- **Requirement**
Every entry must be given again exactly. Include no pictures.

- **Excerpted records**

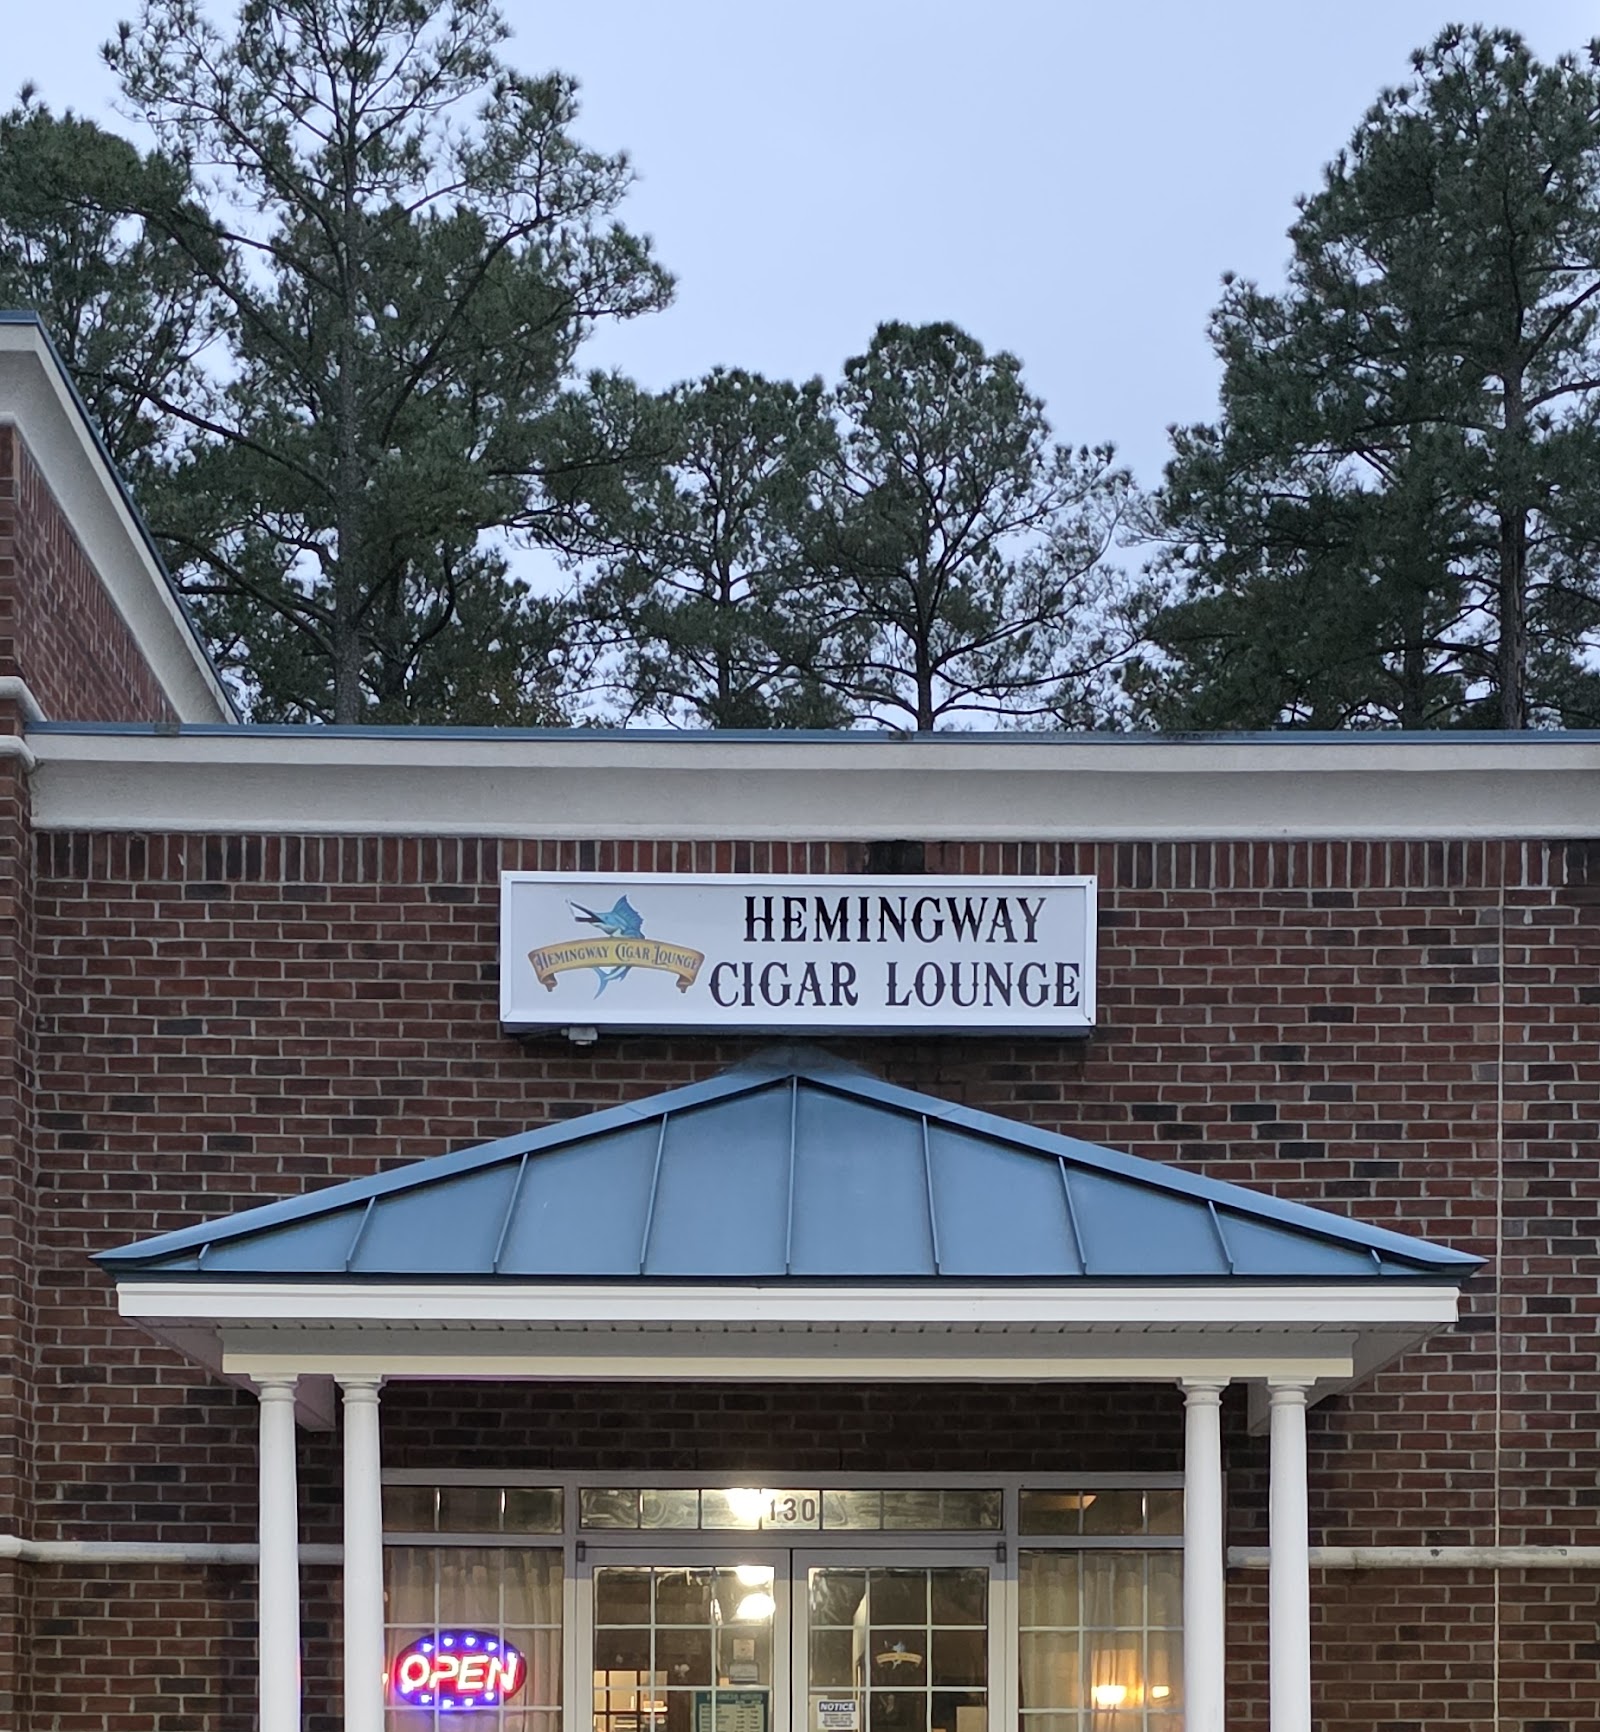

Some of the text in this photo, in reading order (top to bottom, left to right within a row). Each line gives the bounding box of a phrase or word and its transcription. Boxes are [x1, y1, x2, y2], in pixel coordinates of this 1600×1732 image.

[743, 896, 1047, 943] HEMINGWAY
[536, 943, 698, 971] HEMINGWAY CIGAR LOUNGE
[708, 961, 1080, 1007] CIGAR LOUNGE
[770, 1498, 816, 1521] 130
[401, 1652, 518, 1693] OPEN
[820, 1702, 854, 1711] NOTICE

- **Response to this exercise**
Some of the text in this photo, in reading order (top to bottom, left to right within a row). Each line gives the bounding box of a phrase or word and its transcription. Boxes are [x1, y1, x2, y2], in pixel coordinates of this 1600×1732 image.

[743, 896, 1047, 943] HEMINGWAY
[536, 943, 698, 971] HEMINGWAY CIGAR LOUNGE
[708, 961, 1080, 1007] CIGAR LOUNGE
[770, 1498, 816, 1521] 130
[401, 1652, 518, 1693] OPEN
[820, 1702, 854, 1711] NOTICE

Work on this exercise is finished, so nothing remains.